Published
I think that disagreements on this subject have to do with a difference in perspectives and training between EMS and nursing.
In prehospital care, we are taught that you can safely administer high-flow oxygen to any potentially hypoxemic patient without worrying about the hypoxic drive theory.
Here is a great article on COPD that supports that view:
http://www.emedicine.com/emerg/topic99.htm
Most of the research into the hypoxic drive theory indicates that, if high-flow oxygen can knock it out at all, it's a process that takes hours or days, far longer than typical EMS transports. But it makes sense that nurses would be trained to avoid high-flow oxygen in these patients, since they likely are caring for them over hours or days.

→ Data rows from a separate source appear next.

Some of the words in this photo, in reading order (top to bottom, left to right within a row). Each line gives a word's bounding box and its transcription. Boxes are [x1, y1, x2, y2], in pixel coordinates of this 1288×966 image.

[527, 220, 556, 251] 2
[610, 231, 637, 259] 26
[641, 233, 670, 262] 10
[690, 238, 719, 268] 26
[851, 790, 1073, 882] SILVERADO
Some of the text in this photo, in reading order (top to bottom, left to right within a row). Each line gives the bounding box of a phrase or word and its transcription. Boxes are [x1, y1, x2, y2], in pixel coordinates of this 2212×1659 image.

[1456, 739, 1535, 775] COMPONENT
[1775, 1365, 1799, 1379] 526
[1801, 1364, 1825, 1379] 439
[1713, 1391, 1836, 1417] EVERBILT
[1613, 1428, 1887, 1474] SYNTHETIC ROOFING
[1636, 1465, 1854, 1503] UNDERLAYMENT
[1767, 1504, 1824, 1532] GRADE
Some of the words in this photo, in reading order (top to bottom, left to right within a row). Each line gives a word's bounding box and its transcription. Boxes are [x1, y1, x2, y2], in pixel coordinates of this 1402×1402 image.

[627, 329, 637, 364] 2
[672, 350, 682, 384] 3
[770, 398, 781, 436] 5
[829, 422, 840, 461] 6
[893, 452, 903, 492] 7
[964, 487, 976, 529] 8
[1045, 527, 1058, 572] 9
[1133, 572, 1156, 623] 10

Okay - now back to the question. If you have a patient with new-onset chest pain and difficulty breathing, I'm surprised that the answer would be to just monitor. With chest pain, you would anticipate orders (or a protocol) for a 12-lead EKG, ASA, nitro, and possibly other interventions.
hotshot12345
55 Posts
So the scenario is a pt w/ COPD getting O2 at 2L/minute per nasal canula. RN observe pt has SOB and chest pain. Nurse notify MD, but there is no order to change amount of O2 for pt.
I pick that answer that said "report to the supervisor." However, the rationale about this being the wrong answer is "pt have s/s of oxygen toxicity. Hypoxemia is of greater concern than oxygen toxicity."
So the answer turn out to be "cont. to monitor respiratory status of client."
However, I still don't understand the rationale concerning the oxygen toxicity and hypoxemia. I know that COPD shouldn't receive a lot of O2 b/c of their hypoxic drive.